How A Prison Disturbance Becomes A Public Story

McCowan’s reporting also highlights something most people don’t consider until a case like this lands on the news: when someone dies in custody, families don’t get the same kind of clarity they might get from an outside homicide case.

How A Prison Disturbance Becomes A Public Story
Image Credit: WSB-TV

They aren’t at the scene.

They don’t see what led up to it.

They don’t know who was nearby, who intervened, who didn’t, what security measures were in place, or whether warnings existed before things exploded.

They get a phone call.

Then they get paperwork.

Then they get silence while an investigation moves at its own pace.

McCowan noted that the Department of Corrections believes the altercation involved gang-affiliated inmates, and that may end up being a major part of the final explanation. But even if that’s true, it won’t necessarily satisfy a family that feels their loved one should have been protected during the last days of his sentence.
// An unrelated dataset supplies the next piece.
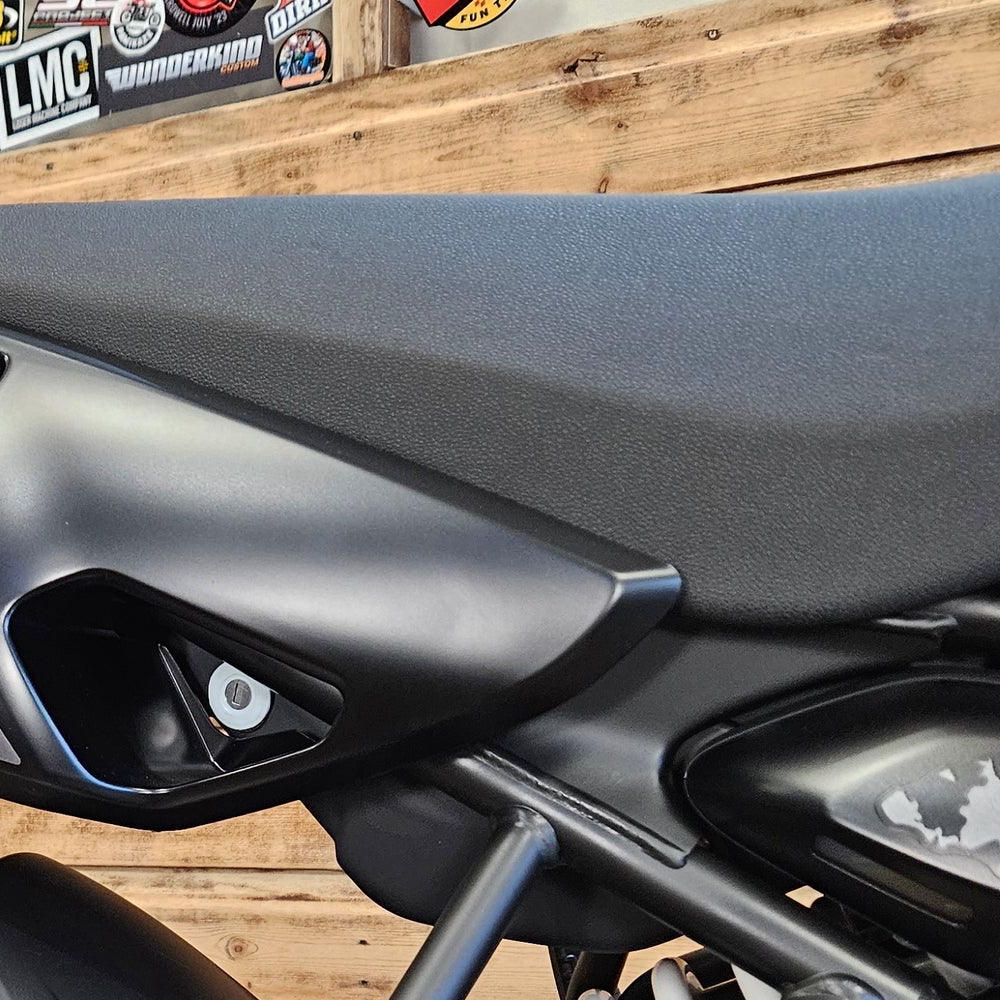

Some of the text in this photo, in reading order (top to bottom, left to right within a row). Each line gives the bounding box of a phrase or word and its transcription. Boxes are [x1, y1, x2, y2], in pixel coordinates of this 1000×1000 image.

Because from a family’s point of view, the state is responsible for what happens inside a facility it controls.

That doesn’t mean every tragedy is preventable. It does mean every tragedy demands transparency, because without it, the story becomes rumors, guesses, and resentment.

Answers Matter Because Grief Isn’t The Only Emotion Here

When families lose someone in prison, they often carry two emotions at the same time: grief and suspicion.

They grieve the person.

And they suspect the system will explain it in the cleanest, quickest way possible.

McCowan’s report shows Aquinas leaning into that suspicion already, not because he wants drama, but because he feels stuck. He can’t rewind the night. He can’t walk the sidewalks inside the prison. He can’t see the surveillance video.

All he can do is ask questions loudly enough that someone has to respond.

McCowan ended the report by returning to the gut-level contrast: the Trammell family is no longer planning a reunion.

They’re planning a funeral.

That’s not just a sad conclusion. It’s an indictment of how quickly life can flip when violence erupts behind prison walls, even for someone at the very end of a sentence.

Aquinas told McCowan his brother had wanted to show a better side of himself.

The family had already imagined what that could look like – him stepping off a bus, being hugged at the station, getting a ride home, starting over.

Now, McCowan reported, they’re left asking why a man with just days left wasn’t able to make it out alive.

And until they get answers that feel complete and honest, it’s hard to see how that question will stop echoing.